--- REQUIREMENT ---
Please print each record below exactly as it is written.

** LISTED RECORDS follows **

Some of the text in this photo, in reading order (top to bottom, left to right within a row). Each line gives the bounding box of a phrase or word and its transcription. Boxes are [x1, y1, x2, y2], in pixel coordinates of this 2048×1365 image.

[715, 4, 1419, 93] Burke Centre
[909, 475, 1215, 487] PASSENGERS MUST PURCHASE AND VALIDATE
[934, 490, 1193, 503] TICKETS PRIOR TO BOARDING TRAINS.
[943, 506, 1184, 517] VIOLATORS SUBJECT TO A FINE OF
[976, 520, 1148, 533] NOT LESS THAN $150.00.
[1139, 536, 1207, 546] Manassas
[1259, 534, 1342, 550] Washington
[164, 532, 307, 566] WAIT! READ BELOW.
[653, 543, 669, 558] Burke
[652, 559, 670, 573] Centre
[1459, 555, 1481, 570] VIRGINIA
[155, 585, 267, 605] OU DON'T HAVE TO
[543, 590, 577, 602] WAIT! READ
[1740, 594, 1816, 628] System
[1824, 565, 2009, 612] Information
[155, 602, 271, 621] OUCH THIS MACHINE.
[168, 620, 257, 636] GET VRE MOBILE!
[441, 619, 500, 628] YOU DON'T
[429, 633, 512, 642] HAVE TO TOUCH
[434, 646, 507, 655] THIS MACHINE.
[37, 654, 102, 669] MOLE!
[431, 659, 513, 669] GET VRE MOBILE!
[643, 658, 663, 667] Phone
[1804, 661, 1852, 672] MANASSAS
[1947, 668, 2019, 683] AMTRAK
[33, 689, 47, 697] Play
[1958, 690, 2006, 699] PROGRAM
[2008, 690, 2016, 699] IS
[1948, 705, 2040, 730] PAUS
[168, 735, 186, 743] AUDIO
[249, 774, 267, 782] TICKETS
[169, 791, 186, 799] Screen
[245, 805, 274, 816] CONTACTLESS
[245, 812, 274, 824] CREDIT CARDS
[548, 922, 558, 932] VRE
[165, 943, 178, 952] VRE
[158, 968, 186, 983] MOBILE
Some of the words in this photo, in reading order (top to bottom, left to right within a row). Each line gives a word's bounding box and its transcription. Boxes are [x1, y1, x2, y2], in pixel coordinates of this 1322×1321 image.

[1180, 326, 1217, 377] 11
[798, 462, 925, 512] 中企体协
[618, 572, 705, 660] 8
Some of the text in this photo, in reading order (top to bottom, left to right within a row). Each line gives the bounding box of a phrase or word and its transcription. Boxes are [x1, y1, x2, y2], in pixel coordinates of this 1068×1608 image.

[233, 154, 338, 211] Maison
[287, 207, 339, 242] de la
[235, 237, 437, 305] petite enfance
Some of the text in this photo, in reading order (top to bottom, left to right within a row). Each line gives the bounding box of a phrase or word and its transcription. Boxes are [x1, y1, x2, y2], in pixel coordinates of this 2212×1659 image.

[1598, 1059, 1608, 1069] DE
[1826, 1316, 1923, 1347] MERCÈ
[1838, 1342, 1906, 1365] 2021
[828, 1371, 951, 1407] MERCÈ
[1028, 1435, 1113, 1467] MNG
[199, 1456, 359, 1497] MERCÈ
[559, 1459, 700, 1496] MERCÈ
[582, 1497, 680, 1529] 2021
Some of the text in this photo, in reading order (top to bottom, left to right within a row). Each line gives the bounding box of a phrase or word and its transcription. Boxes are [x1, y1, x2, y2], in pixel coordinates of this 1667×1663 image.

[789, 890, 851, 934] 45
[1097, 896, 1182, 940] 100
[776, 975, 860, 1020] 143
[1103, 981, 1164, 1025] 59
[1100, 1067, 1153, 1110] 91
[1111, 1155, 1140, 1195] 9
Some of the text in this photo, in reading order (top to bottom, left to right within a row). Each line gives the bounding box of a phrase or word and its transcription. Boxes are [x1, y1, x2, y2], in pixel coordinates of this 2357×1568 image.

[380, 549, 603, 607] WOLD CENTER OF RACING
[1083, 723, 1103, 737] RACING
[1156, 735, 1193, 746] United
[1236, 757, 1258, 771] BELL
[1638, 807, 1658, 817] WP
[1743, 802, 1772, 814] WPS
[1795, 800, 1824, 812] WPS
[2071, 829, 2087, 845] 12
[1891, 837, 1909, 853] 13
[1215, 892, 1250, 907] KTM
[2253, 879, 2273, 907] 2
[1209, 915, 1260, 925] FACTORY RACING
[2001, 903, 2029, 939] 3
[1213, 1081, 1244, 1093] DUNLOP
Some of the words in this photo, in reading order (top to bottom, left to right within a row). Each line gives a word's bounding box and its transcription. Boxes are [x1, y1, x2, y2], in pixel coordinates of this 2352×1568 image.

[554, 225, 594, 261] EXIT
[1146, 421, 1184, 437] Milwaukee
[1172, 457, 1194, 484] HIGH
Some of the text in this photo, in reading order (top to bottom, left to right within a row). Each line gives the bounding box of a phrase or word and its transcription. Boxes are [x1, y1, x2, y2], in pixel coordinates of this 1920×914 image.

** End of LISTED RECORDS **

--- ANSWER FOR THIS EXERCISE ---
Some of the text in this photo, in reading order (top to bottom, left to right within a row). Each line gives the bounding box of a phrase or word and its transcription. Boxes are [x1, y1, x2, y2], in pixel coordinates of this 2048×1365 image.

[715, 4, 1419, 93] Burke Centre
[909, 475, 1215, 487] PASSENGERS MUST PURCHASE AND VALIDATE
[934, 490, 1193, 503] TICKETS PRIOR TO BOARDING TRAINS.
[943, 506, 1184, 517] VIOLATORS SUBJECT TO A FINE OF
[976, 520, 1148, 533] NOT LESS THAN $150.00.
[1139, 536, 1207, 546] Manassas
[1259, 534, 1342, 550] Washington
[164, 532, 307, 566] WAIT! READ BELOW.
[653, 543, 669, 558] Burke
[652, 559, 670, 573] Centre
[1459, 555, 1481, 570] VIRGINIA
[155, 585, 267, 605] OU DON'T HAVE TO
[543, 590, 577, 602] WAIT! READ
[1740, 594, 1816, 628] System
[1824, 565, 2009, 612] Information
[155, 602, 271, 621] OUCH THIS MACHINE.
[168, 620, 257, 636] GET VRE MOBILE!
[441, 619, 500, 628] YOU DON'T
[429, 633, 512, 642] HAVE TO TOUCH
[434, 646, 507, 655] THIS MACHINE.
[37, 654, 102, 669] MOLE!
[431, 659, 513, 669] GET VRE MOBILE!
[643, 658, 663, 667] Phone
[1804, 661, 1852, 672] MANASSAS
[1947, 668, 2019, 683] AMTRAK
[33, 689, 47, 697] Play
[1958, 690, 2006, 699] PROGRAM
[2008, 690, 2016, 699] IS
[1948, 705, 2040, 730] PAUS
[168, 735, 186, 743] AUDIO
[249, 774, 267, 782] TICKETS
[169, 791, 186, 799] Screen
[245, 805, 274, 816] CONTACTLESS
[245, 812, 274, 824] CREDIT CARDS
[548, 922, 558, 932] VRE
[165, 943, 178, 952] VRE
[158, 968, 186, 983] MOBILE
Some of the words in this photo, in reading order (top to bottom, left to right within a row). Each line gives a word's bounding box and its transcription. Boxes are [x1, y1, x2, y2], in pixel coordinates of this 1322×1321 image.

[1180, 326, 1217, 377] 11
[798, 462, 925, 512] 中企体协
[618, 572, 705, 660] 8
Some of the text in this photo, in reading order (top to bottom, left to right within a row). Each line gives the bounding box of a phrase or word and its transcription. Boxes are [x1, y1, x2, y2], in pixel coordinates of this 1068×1608 image.

[233, 154, 338, 211] Maison
[287, 207, 339, 242] de la
[235, 237, 437, 305] petite enfance
Some of the text in this photo, in reading order (top to bottom, left to right within a row). Each line gives the bounding box of a phrase or word and its transcription. Boxes are [x1, y1, x2, y2], in pixel coordinates of this 2212×1659 image.

[1598, 1059, 1608, 1069] DE
[1826, 1316, 1923, 1347] MERCÈ
[1838, 1342, 1906, 1365] 2021
[828, 1371, 951, 1407] MERCÈ
[1028, 1435, 1113, 1467] MNG
[199, 1456, 359, 1497] MERCÈ
[559, 1459, 700, 1496] MERCÈ
[582, 1497, 680, 1529] 2021
Some of the text in this photo, in reading order (top to bottom, left to right within a row). Each line gives the bounding box of a phrase or word and its transcription. Boxes are [x1, y1, x2, y2], in pixel coordinates of this 1667×1663 image.

[789, 890, 851, 934] 45
[1097, 896, 1182, 940] 100
[776, 975, 860, 1020] 143
[1103, 981, 1164, 1025] 59
[1100, 1067, 1153, 1110] 91
[1111, 1155, 1140, 1195] 9
Some of the text in this photo, in reading order (top to bottom, left to right within a row). Each line gives the bounding box of a phrase or word and its transcription. Boxes are [x1, y1, x2, y2], in pixel coordinates of this 2357×1568 image.

[380, 549, 603, 607] WOLD CENTER OF RACING
[1083, 723, 1103, 737] RACING
[1156, 735, 1193, 746] United
[1236, 757, 1258, 771] BELL
[1638, 807, 1658, 817] WP
[1743, 802, 1772, 814] WPS
[1795, 800, 1824, 812] WPS
[2071, 829, 2087, 845] 12
[1891, 837, 1909, 853] 13
[1215, 892, 1250, 907] KTM
[2253, 879, 2273, 907] 2
[1209, 915, 1260, 925] FACTORY RACING
[2001, 903, 2029, 939] 3
[1213, 1081, 1244, 1093] DUNLOP
Some of the words in this photo, in reading order (top to bottom, left to right within a row). Each line gives a word's bounding box and its transcription. Boxes are [x1, y1, x2, y2], in pixel coordinates of this 2352×1568 image.

[554, 225, 594, 261] EXIT
[1146, 421, 1184, 437] Milwaukee
[1172, 457, 1194, 484] HIGH
Some of the text in this photo, in reading order (top to bottom, left to right within a row). Each line gives the bounding box of a phrase or word and its transcription. Boxes are [x1, y1, x2, y2], in pixel coordinates of this 1920×914 image.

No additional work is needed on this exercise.